Author: Raechel Dumas
Series: East Asian Popular Culture #8
First Published: June 1, 2018
Publisher: Palgrave Macmillan
Pages: 230
Genre: Feminism, Gender Studies, Non-Fiction, Pop Culture
Format: PDF
Source: University Library
Rating:
Synopsis:
This book explores the monstrous-feminine in Japanese popular culture, produced from the late years of the 1980s through to the new millennium. Raechel Dumas examines the role of female monsters in selected works of fiction, manga, film, and video games, offering a trans-genre, trans-media analysis of this enduring trope. The book focuses on several iterations of the monstrous-feminine in contemporary Japan: the self-replicating shōjo in horror, monstrous mothers in science fiction, female ghosts and suburban hauntings in cinema, female monsters and public violence in survival horror games, and the rebellious female body in mytho-fiction. Situating the titles examined here amid discourses of crisis that have materialized in contemporary Japan, Dumas illuminates the ambivalent pleasure of the monstrous-feminine as a trope that both articulates anxieties centered on shifting configurations of subjectivity and nationhood, and elaborates novel possibilities for identity negotiation and social formation in a period marked by dramatic change.

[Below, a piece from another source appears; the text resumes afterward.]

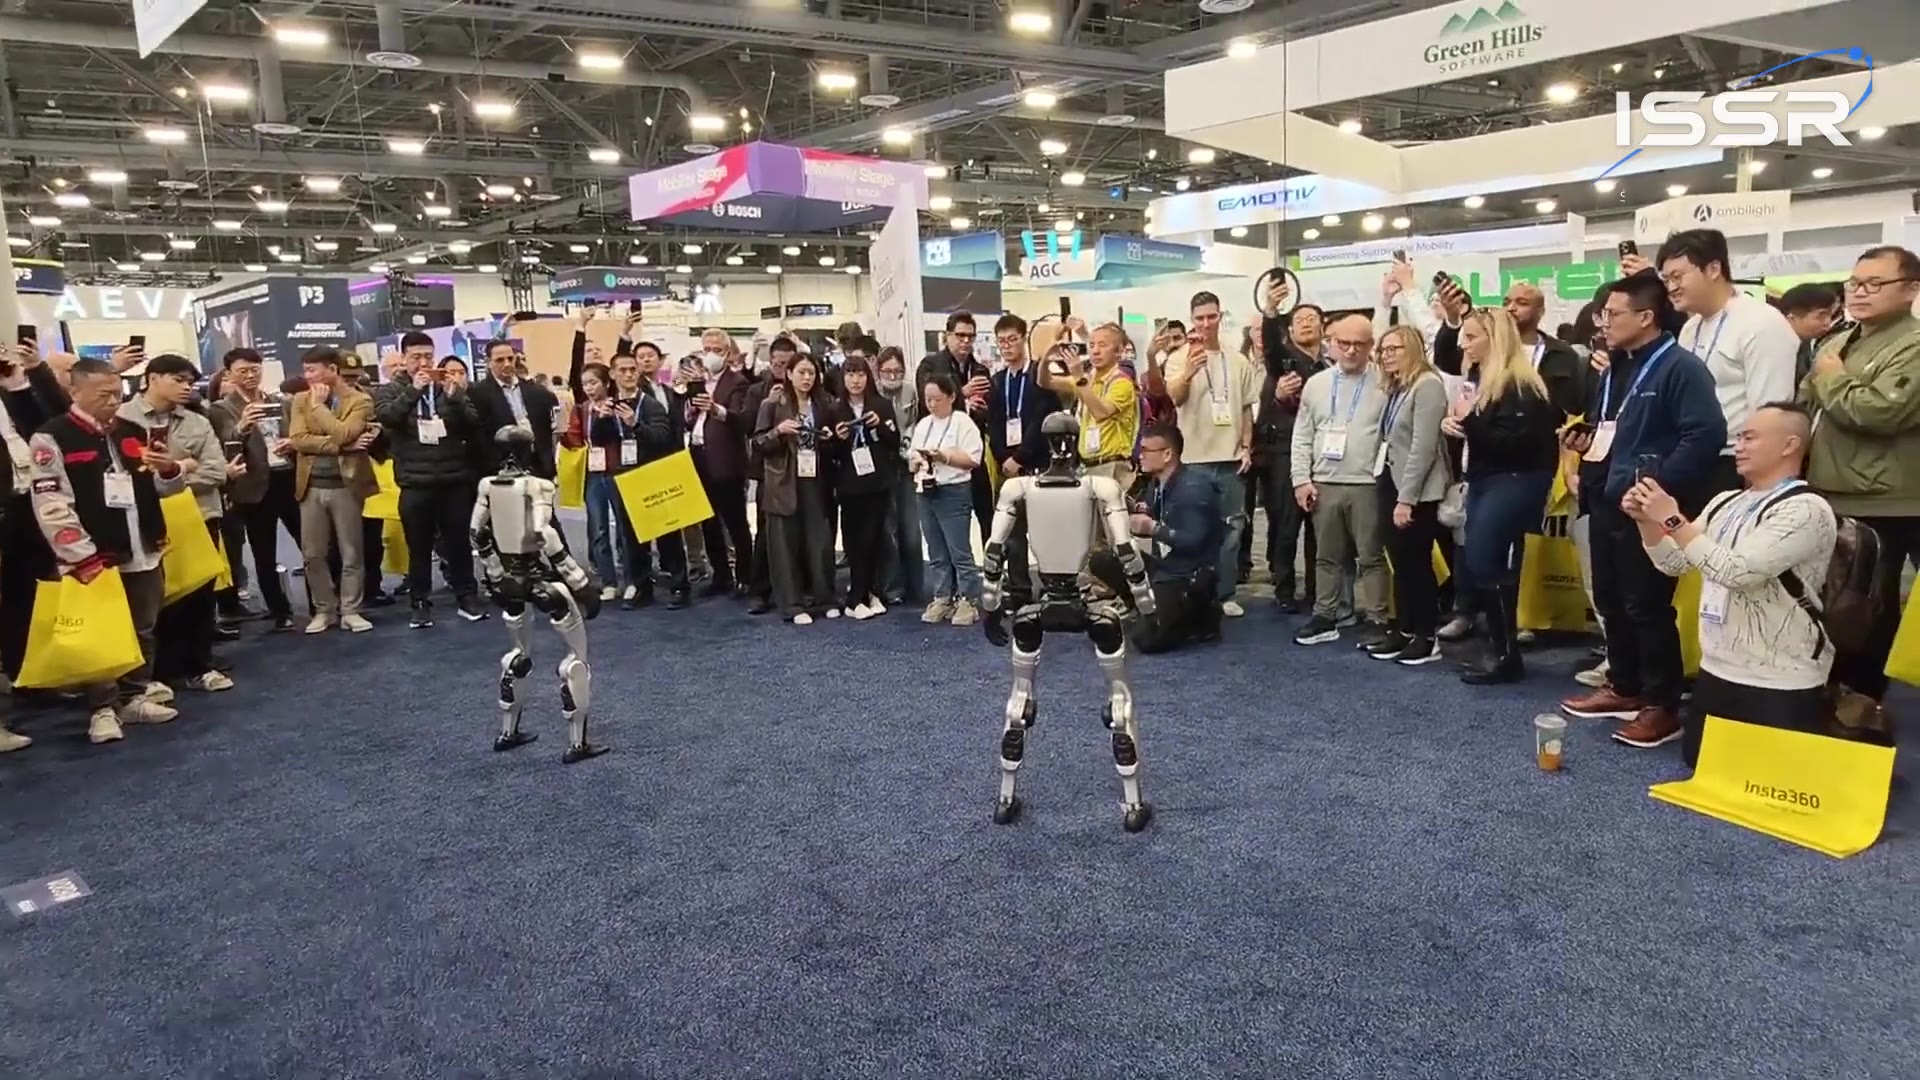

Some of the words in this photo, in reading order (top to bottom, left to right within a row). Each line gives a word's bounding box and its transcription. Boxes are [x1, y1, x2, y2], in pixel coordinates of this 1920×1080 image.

Buy the Book: AmazonReview
Feminist theory and Japanese horror media, two of my favorite things all wrapped up in one book. I couldn’t help but pick this book up, the premise sounded incredibly interesting and as a research topic, it is. Dumas covers a number of both popular and lesser-known pieces of Japanese literature and video games. She covers a wide range of media types and analyzes the social commentaries contained within each work and links it to Japanese history and social anxieties. For the media I had already read, watched, or played, it was a delight to think about those works on a deeper level. For the rest of the works mentioned, my interest was piqued.
Despite the insightful dialogue about the monstrous-feminine in Japanese horror, it is important to note that this is a meaty academic text, and the writing can be dense, dry, and overlong. Dumas gets sidetracked frequently and it makes the text difficult to follow, it is not a light read. When the author does pull all of her scattered pieces together, her essays are sharp, insightful, and incredibly relevant. Chapter three in particular, which focused on evolutionary science fiction classics Parasite Eve and Queen of K’n-Yan stood out. I cannot recommend this book as a casual read, but it is a great analysis for readers interested in further studying the topic of feminism in horror media.
Quote
“The monstrous-feminine resurfaces as a potent threat to the patriarchal order, revealing the futility of mechanisms designed to delimit and constrain female bodies and behaviors.”